"The Haunting is a stunner. Through bodies of humans, pythons, foxes, and worms, a personal mythos of madness and desire—and how to survive both—emerges. These poems are formally dexterous, employing everything from erasures to bingo forms to lyric prose shaped by its shifting margins. And every form is soaked in rich language, a feast of the dictionary and the senses. The poems held me spellbound page after page as they “refilled the grave with breath.” This collection is spectacle and spectacular.
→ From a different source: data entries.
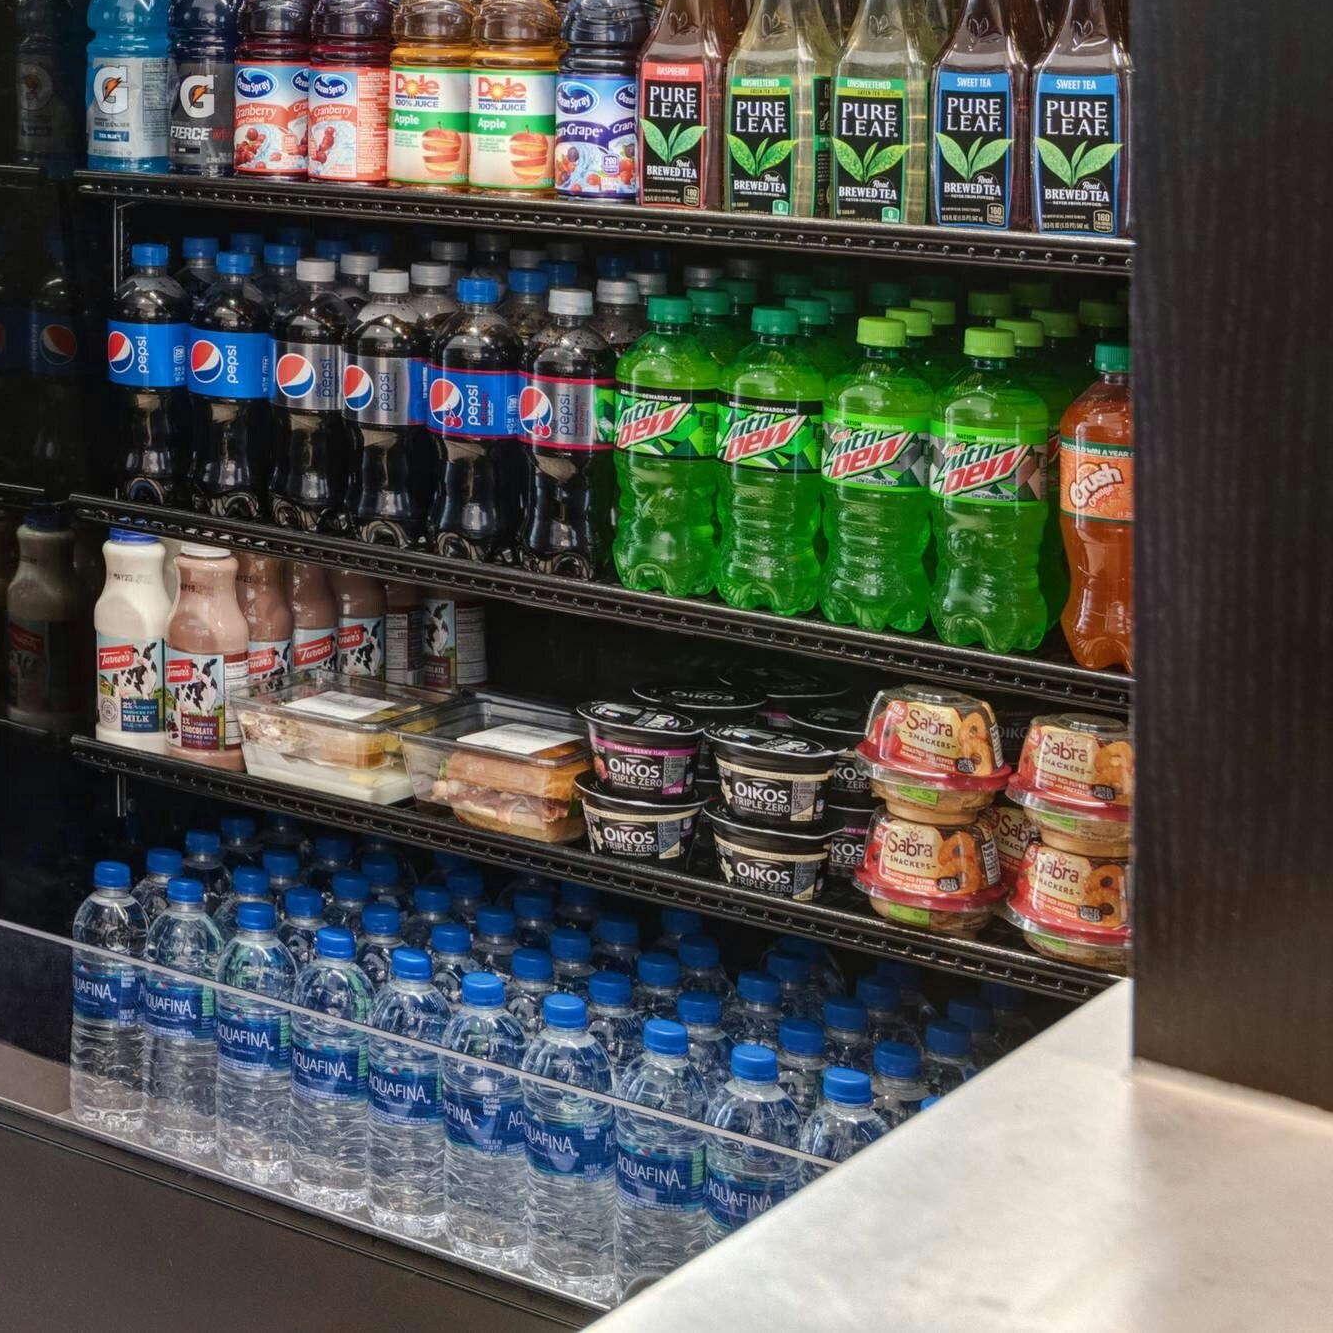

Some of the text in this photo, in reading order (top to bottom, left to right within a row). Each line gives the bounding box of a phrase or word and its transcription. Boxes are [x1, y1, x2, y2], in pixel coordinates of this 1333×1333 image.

[93, 64, 129, 115] G
[395, 73, 440, 96] Dole
[477, 76, 527, 99] Dole
[956, 78, 992, 88] SWEET TEA
[1056, 79, 1097, 91] SWEET TEA
[180, 74, 215, 119] G
[414, 99, 440, 108] JUICE
[649, 86, 697, 103] PURE
[235, 104, 277, 121] Cranberry
[313, 104, 352, 119] Cranberry
[498, 102, 526, 112] JUICE
[736, 100, 786, 117] PURE
[841, 102, 898, 120] PURE
[947, 98, 1001, 114] PURE
[1046, 100, 1108, 118] PURE
[394, 112, 420, 127] Apple
[477, 117, 507, 131] Apple
[170, 125, 210, 141] FIERCE
[646, 165, 698, 179] BREWED TEA
[733, 179, 787, 194] BREWED TEA
[838, 185, 898, 200] BREWED TEA
[943, 182, 1002, 196] BREWED TEA
[1044, 188, 1110, 203] BREWED TEA
[135, 336, 148, 374] pepsi
[225, 345, 239, 384] pepsi
[321, 359, 333, 398] pepsi
[380, 371, 391, 412] pepsi
[466, 384, 479, 426] pepsi
[558, 393, 571, 435] pepsi
[620, 402, 656, 427] Mtn
[730, 414, 772, 441] Mtn
[833, 431, 876, 459] Mtn
[947, 443, 993, 467] Mtn
[100, 650, 134, 667] Turner's
[300, 643, 335, 663] Turner's
[122, 714, 150, 724] MILK
[906, 708, 954, 737] Sabra
[181, 725, 214, 736] CHOCOLATE
[908, 731, 951, 750] SNACKERS
[1043, 734, 1089, 764] Sabra
[608, 757, 661, 779] OIKOS
[608, 772, 663, 789] TRIPLE ZERO
[735, 781, 789, 805] OIKOS
[734, 795, 791, 814] TRIPLE ZERO
[604, 823, 656, 845] OIKOS
[604, 840, 659, 854] TRIPLE ZERO
[888, 830, 934, 859] Sabra
[889, 853, 932, 872] SNACKERS
[736, 862, 791, 885] OIKOS
[735, 875, 793, 893] TRIPLE ZERO
[616, 1151, 682, 1188] AQUAFINA
It lit me up like a Roman candle."
— Traci Brimhall, author of Love Prodigal
"Cate Peebles’s The Haunting channels Mary Shelley’s storytelling with vibrant breath-work, this coupled with film & cinema, churn an arresting “refill[ing] [of] the grave,” so to speak. The poems throughout the collection display a masterful measurement of feeling: carrying the pages to and from ethereal and declarative worlds and artfully bringing sentience to horror. Her engaging poetic form(s) for “horror movie bingo,” for example, examine contemporary culture astutely. I believe readers will remain both haunted and captivated by her energetic feminist traction and verve."
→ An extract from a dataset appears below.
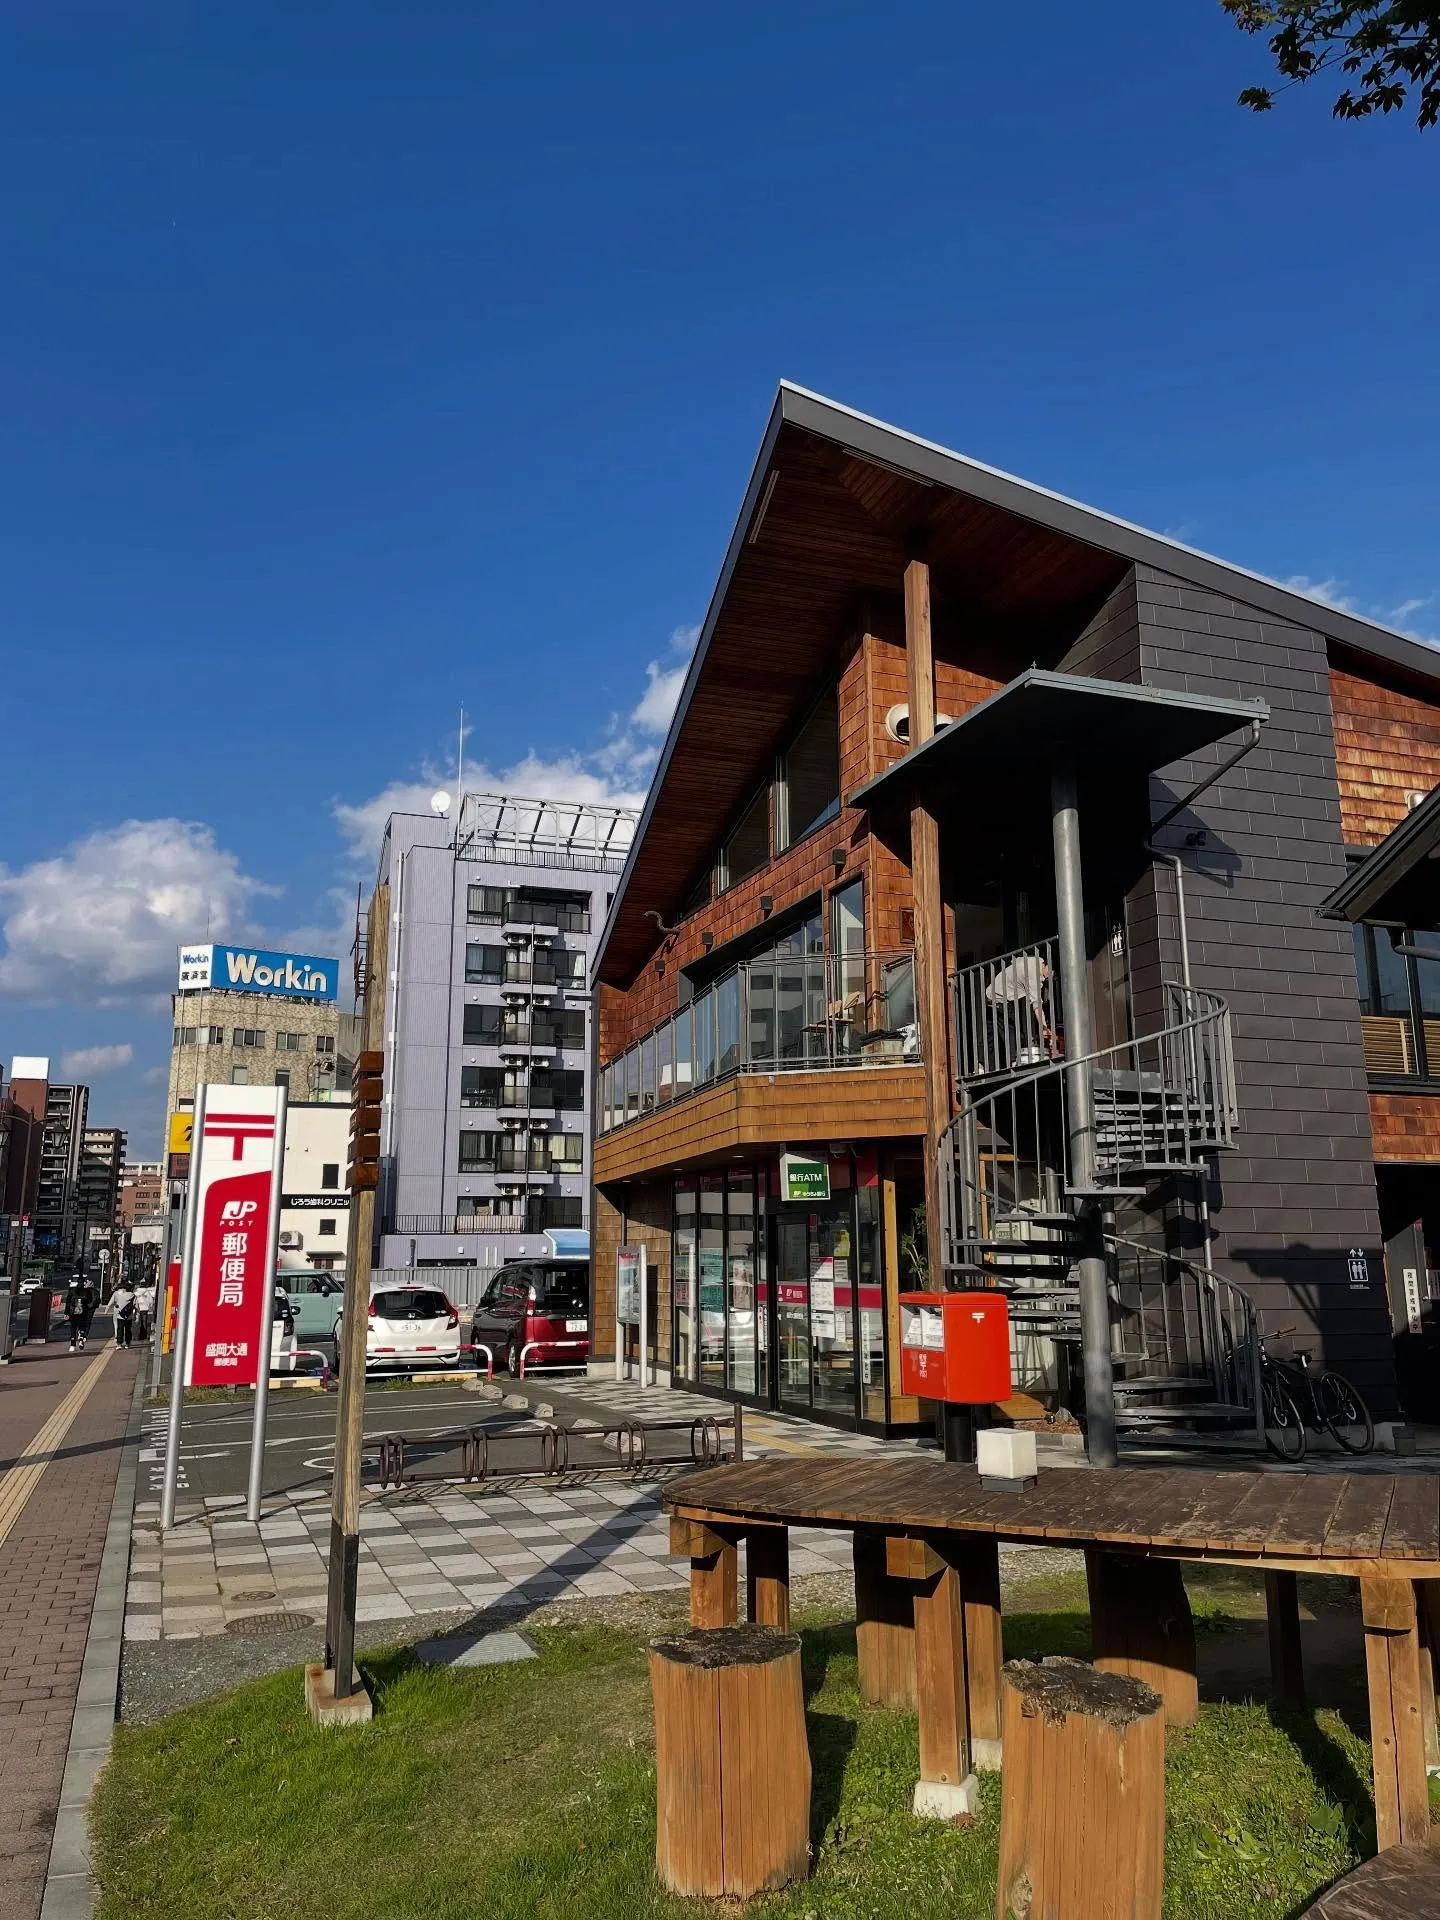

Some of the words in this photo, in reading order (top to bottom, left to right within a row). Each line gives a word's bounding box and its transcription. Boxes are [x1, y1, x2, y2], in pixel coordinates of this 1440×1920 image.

— Prageeta Sharma, author of Grief Sequence
"In Cate Peebles’s poems the elemental worm is intensely at work, lingering, towards metamorphosis. I see the worm too in the forward slashes that systematically beat time throughout The Haunting. I feel it too mirrored in many of the images: “one finger/ your birth/ pitched to death/ rigid vein-wrapped femur,” moving in guises. There’s deep myth here, as Peebles taps into symbolism and precise, haunted language. Visually superb, these poems look light, almost disappearing in their delicate control upon the page—however, it is in their fierce voice that we find a counterbalance of weight and rage, as the speaker reckons with allusions to indignities suffered by women—on both an intimate and expansive scale. One leaves these poems with rich questions about where the so-called monster; the world inside us an outside us, and what it takes to create meaning out of all of it."
— Bianca Stone, author of What Is Otherwise Infinite
"The Haunting moves like a lake flooding through a burst dam. In imagery of primal intimacy, Peebles conjures a self of desire & fury. The book is rooted in horror movies & the Brontes & Mary Shelley & it nods toward both Alice Notley’s & H.D.’s very different forms of transcendence, but most striking is its incantatory voice, precise & ruthless, even in delicacy. Read The Haunting out loud, shout it out to a thunderstorm."
— Mathias Svalina, creator of The Dream Delivery Service and author of Thank You Terror
"Gothic bliss. Exquisite macabre. Honestly, this is how I want to consume all of my horror, in uncanny image after uncanny image, luxuriating in pure dread. Planning to memorize this book and repeat it to myself as a pledge and a curse."